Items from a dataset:

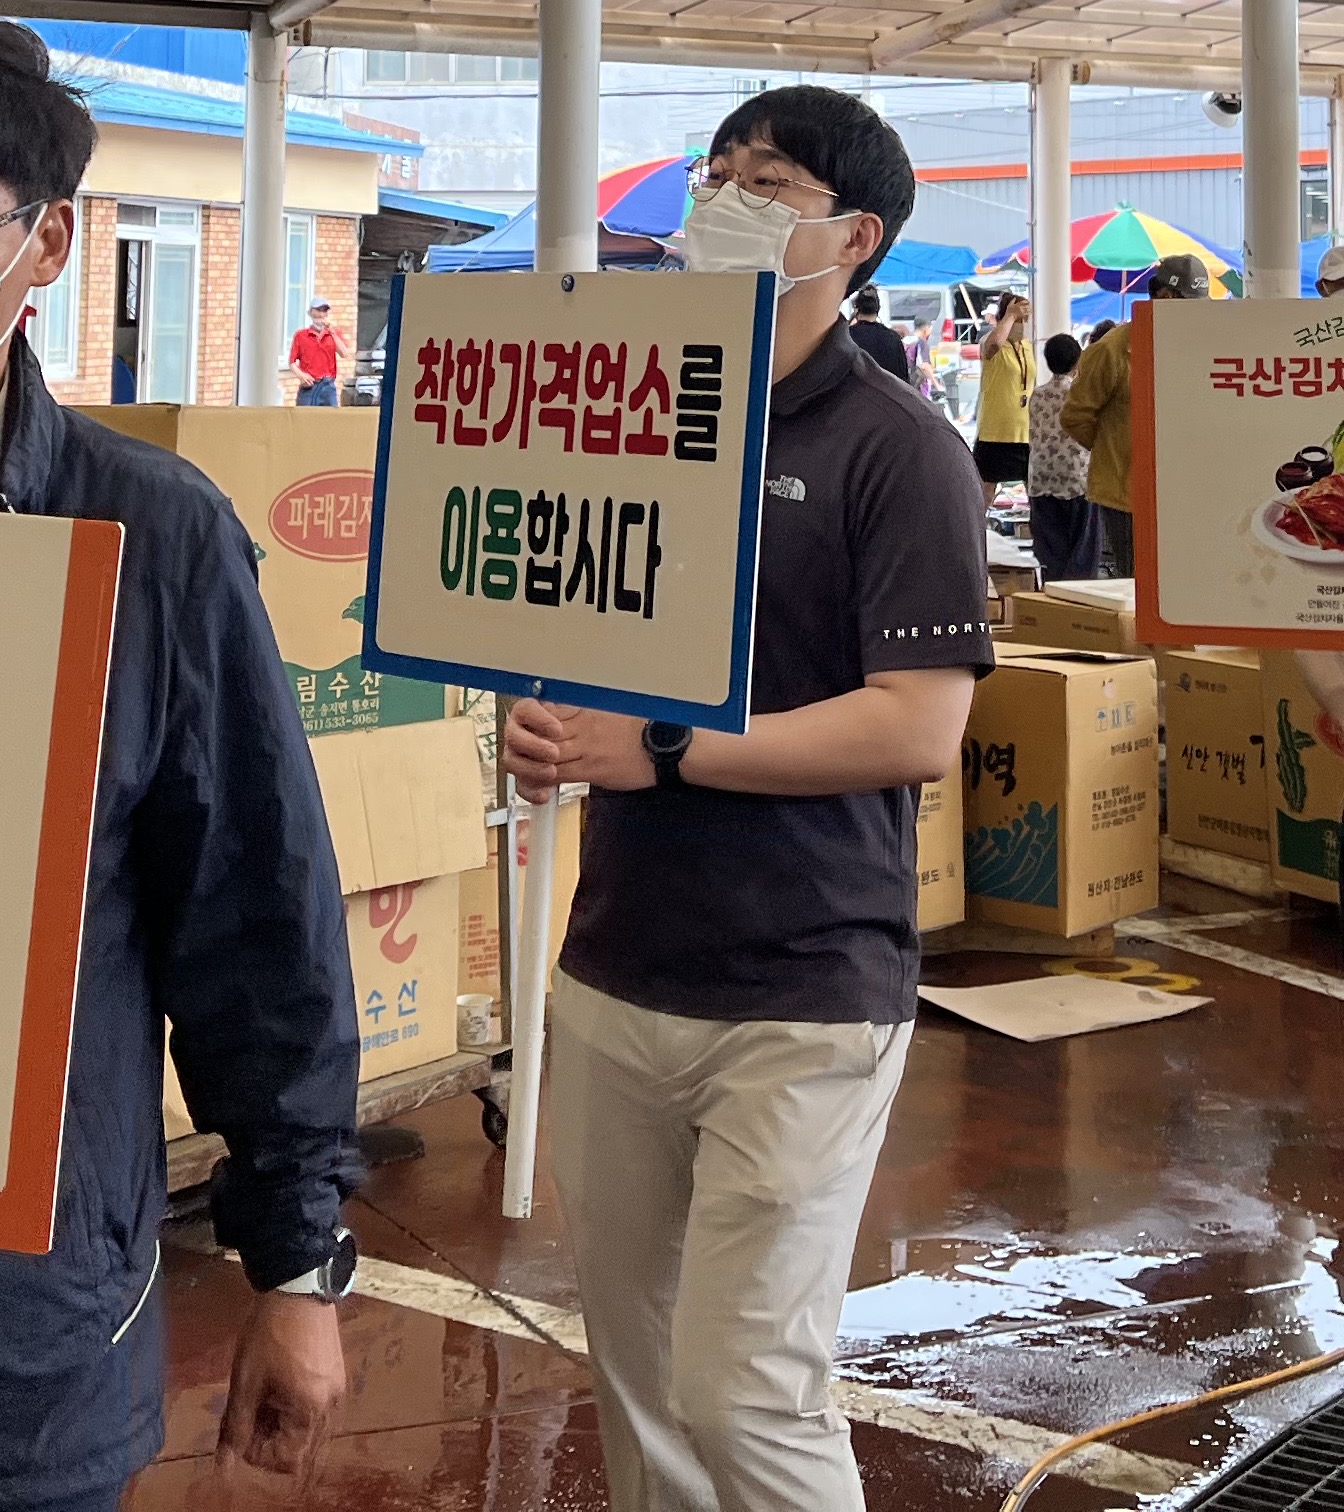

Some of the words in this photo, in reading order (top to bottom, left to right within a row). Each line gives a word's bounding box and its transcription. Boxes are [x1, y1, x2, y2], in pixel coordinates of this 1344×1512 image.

[413, 336, 724, 463] 착한가격업소를
[439, 484, 662, 621] 이용합시다
[883, 626, 920, 640] THE
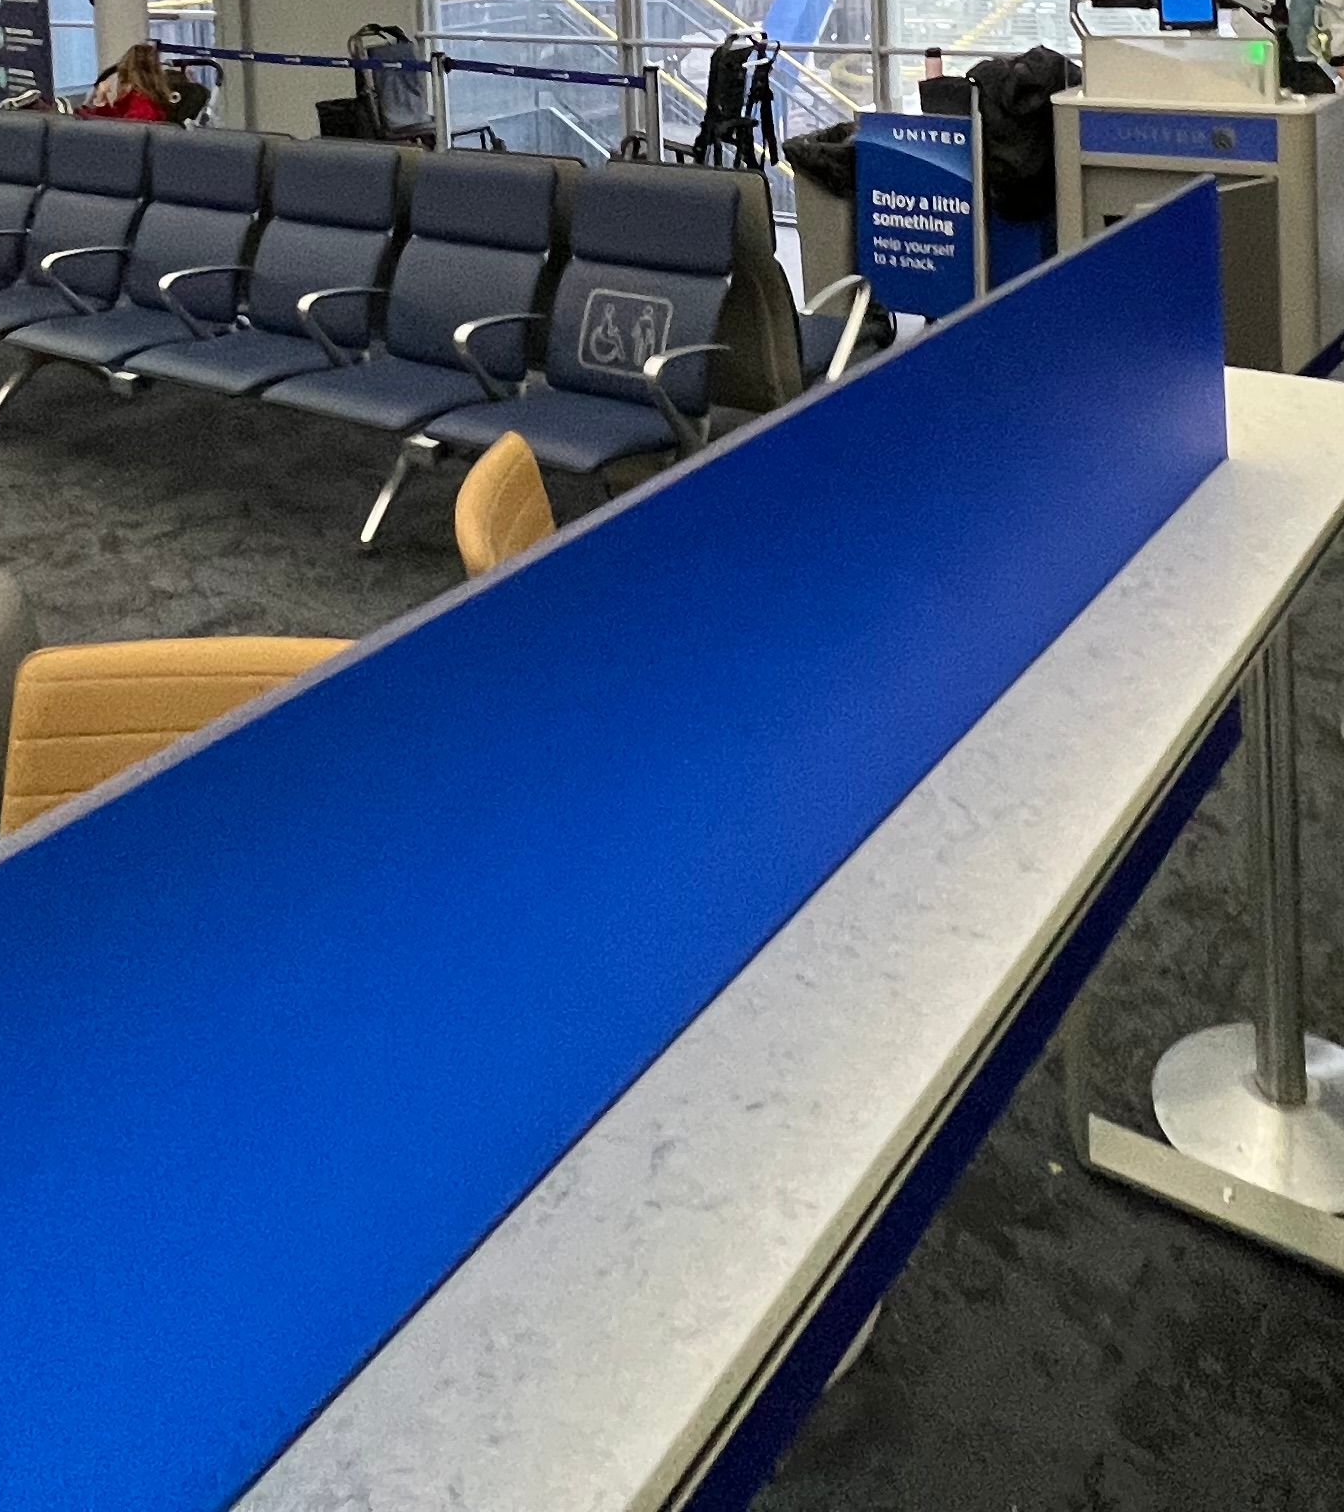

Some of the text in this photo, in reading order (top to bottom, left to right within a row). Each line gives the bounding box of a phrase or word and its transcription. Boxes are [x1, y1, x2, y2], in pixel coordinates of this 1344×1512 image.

[892, 127, 967, 146] UNITED
[872, 189, 970, 215] Enjoy a little
[872, 212, 954, 236] something
[873, 236, 955, 257] Help yourself
[873, 252, 887, 265] to
[889, 255, 897, 267] a

WHAT YOU NEED TO DO: Each line from the one containing "Some of the text" to the end of the records should be echoed exactly, and no other line.

SOLUTION TO THIS EXERCISE:
Some of the text in this photo, in reading order (top to bottom, left to right within a row). Each line gives the bounding box of a phrase or word and its transcription. Boxes are [x1, y1, x2, y2], in pixel coordinates of this 1344×1512 image.

[892, 127, 967, 146] UNITED
[872, 189, 970, 215] Enjoy a little
[872, 212, 954, 236] something
[873, 236, 955, 257] Help yourself
[873, 252, 887, 265] to
[889, 255, 897, 267] a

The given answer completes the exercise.